Verifiable Forgetting in Multi-Tier Memory Systems via Tier-Specific Mutual-Information Thresholds
A Technical Note — Defensive Publication
A defensive publication on a tier-specific mutual-information threshold method for verifying record deletion in multi-tier memory systems used in agentic AI products. Establishes prior art under § 3 Abs. 1 PatG, Art. 54 (2) EPC, and 35 USC § 102(a)(1).
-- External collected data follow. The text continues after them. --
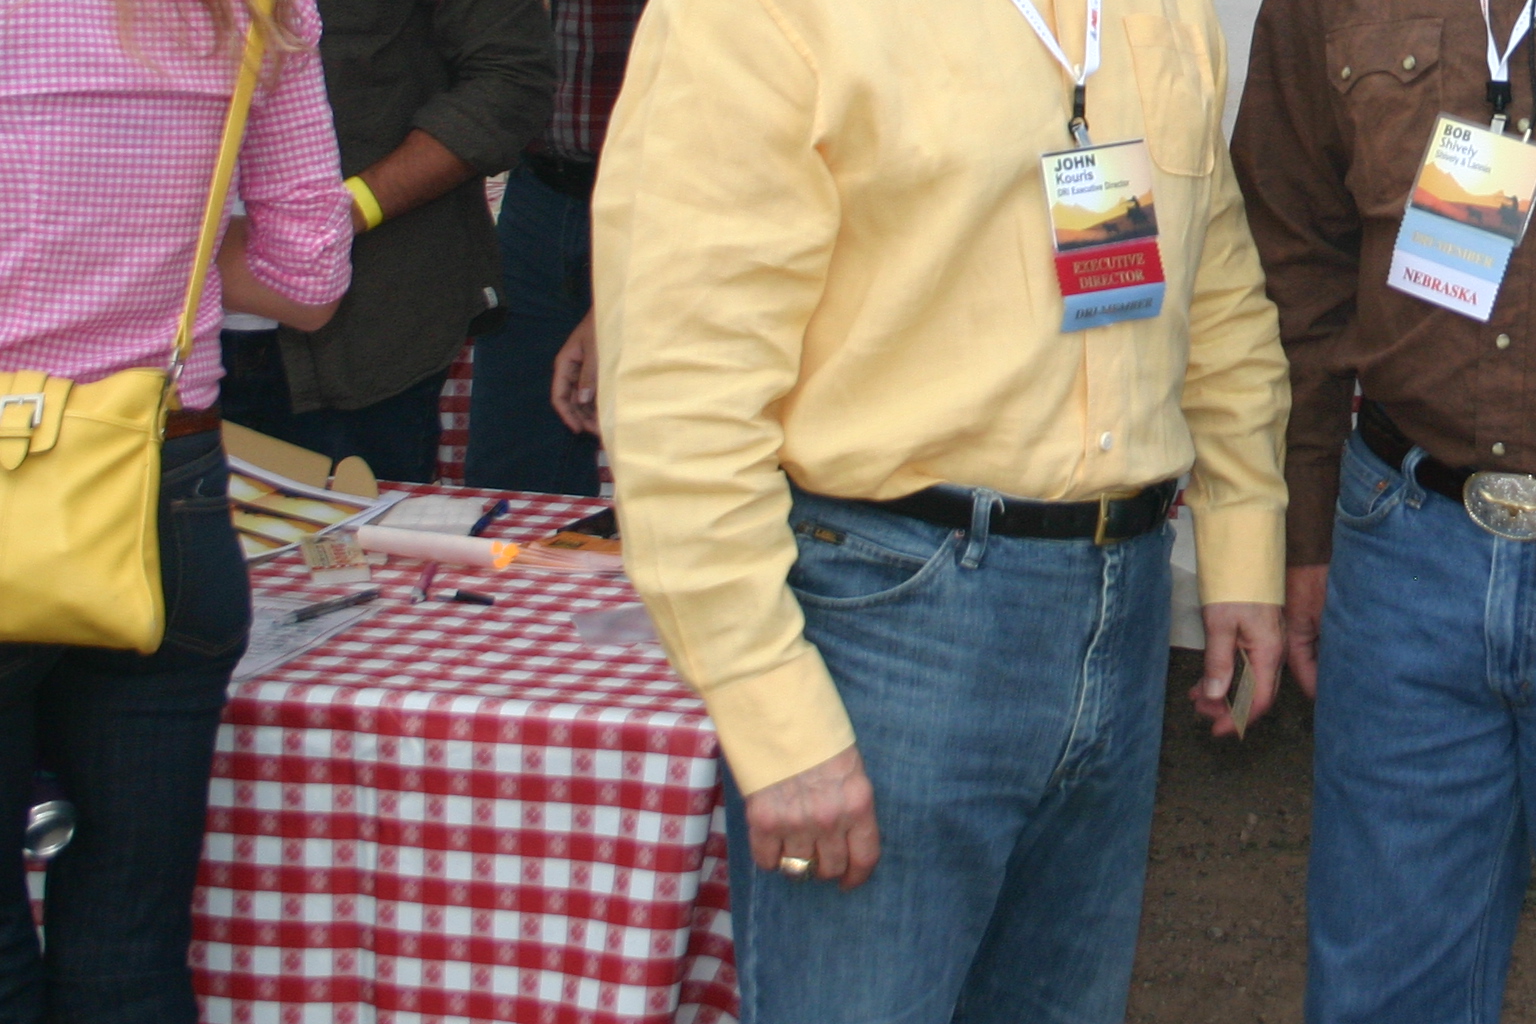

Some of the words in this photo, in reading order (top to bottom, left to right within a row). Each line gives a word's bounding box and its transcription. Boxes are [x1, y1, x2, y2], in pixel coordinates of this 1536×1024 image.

[1443, 123, 1472, 142] BOB
[1439, 136, 1479, 160] Shively
[1054, 153, 1096, 172] JOHN
[1072, 252, 1146, 274] EXECUTIVE
[1079, 269, 1146, 290] DIRECTOR
[1403, 266, 1478, 306] NEBRASKA
Verifiable Forgetting in Multi-Tier Memory Systems via Tier-Specific Mutual-Information Thresholds
A Technical Note · Defensive Publication
Author: HEINI Operations UG, trademark holder of HEINI® Contact: Book via Susi Version: 1.0 Published: 2026-05-06 License: CC0 1.0 Universal (Public Domain Dedication, with the dedication scope defined in Section 8 below) DOI (this version): 10.5281/zenodo.20054270 Concept DOI (all versions): 10.5281/zenodo.20054269 Trademark notice: HEINI® is a registered trademark at the DPMA, registration number 30 2026 214 789, classes 09, 35, 42, registered 25.03.2026. Holder details in the imprint.
Abstract
This technical note describes a method for empirically verifying the deletion of a record from a multi-tier memory system used in agentic AI products. The method is targeted at regulated deployments under GDPR Article 17 and EU AI Act Article 10 in scenarios where conventional procedural deletion confirmations are insufficient because residual statistical information about the deleted record may persist in derived representations such as embeddings, attention patterns, or fine-tuning gradients. The contribution is a tier-specific mutual-information threshold chain combining a configurable estimator family with a sensitivity-classification-driven threshold lookup and an automatic re-training or re-indexing trigger. The note is published to establish prior art under § 3 Abs. 1 PatG, Art. 54 (2) EPC, and 35 USC § 102 (a)(1) for the purposes of any subsequent patent application by third parties regarding the specific embodiment described herein.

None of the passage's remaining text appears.